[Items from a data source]
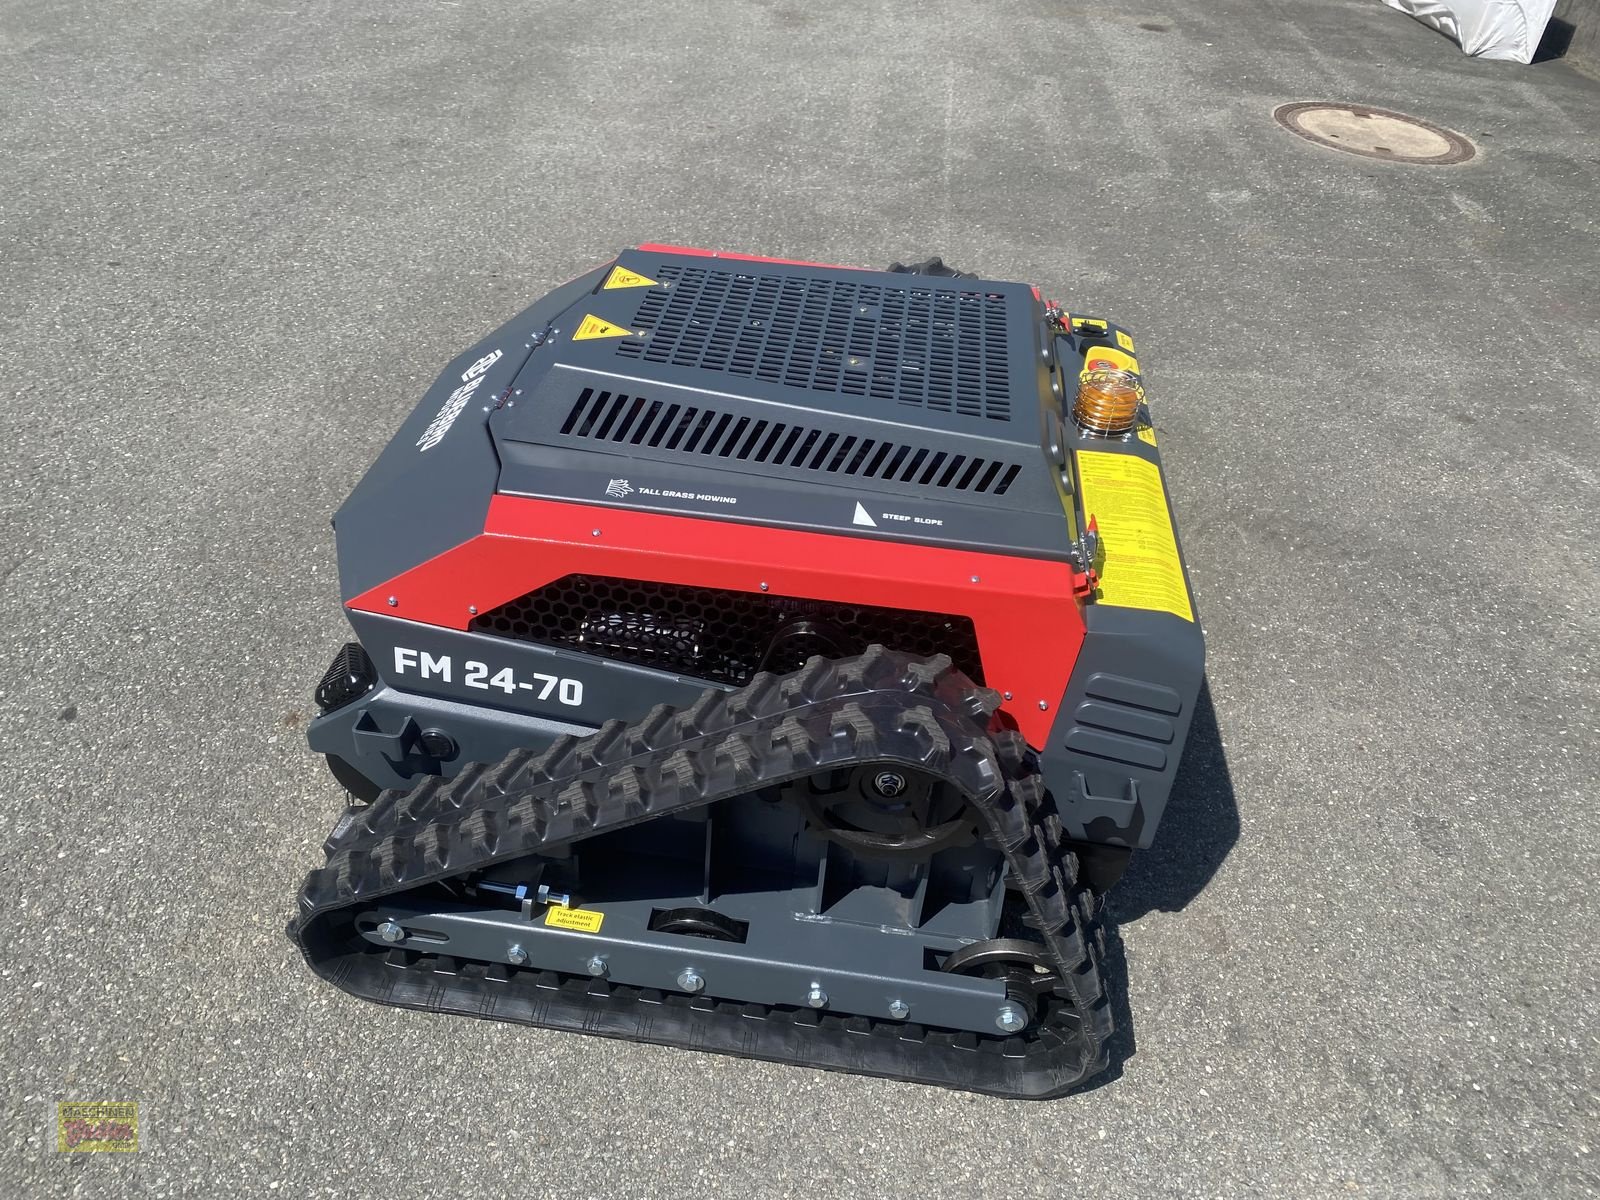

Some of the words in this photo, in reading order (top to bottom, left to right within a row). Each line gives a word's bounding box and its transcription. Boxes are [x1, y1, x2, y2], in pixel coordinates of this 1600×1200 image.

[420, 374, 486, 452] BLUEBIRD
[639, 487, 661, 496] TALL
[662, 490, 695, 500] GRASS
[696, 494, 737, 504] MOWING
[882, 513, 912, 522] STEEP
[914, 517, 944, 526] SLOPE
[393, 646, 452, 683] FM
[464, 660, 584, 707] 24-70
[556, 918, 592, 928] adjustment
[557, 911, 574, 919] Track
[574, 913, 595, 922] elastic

## EXERCISE PROMPT
Reproduce the data above exactly, leaving out any picture in it.

## TASK OUTPUT
Some of the words in this photo, in reading order (top to bottom, left to right within a row). Each line gives a word's bounding box and its transcription. Boxes are [x1, y1, x2, y2], in pixel coordinates of this 1600×1200 image.

[420, 374, 486, 452] BLUEBIRD
[639, 487, 661, 496] TALL
[662, 490, 695, 500] GRASS
[696, 494, 737, 504] MOWING
[882, 513, 912, 522] STEEP
[914, 517, 944, 526] SLOPE
[393, 646, 452, 683] FM
[464, 660, 584, 707] 24-70
[556, 918, 592, 928] adjustment
[557, 911, 574, 919] Track
[574, 913, 595, 922] elastic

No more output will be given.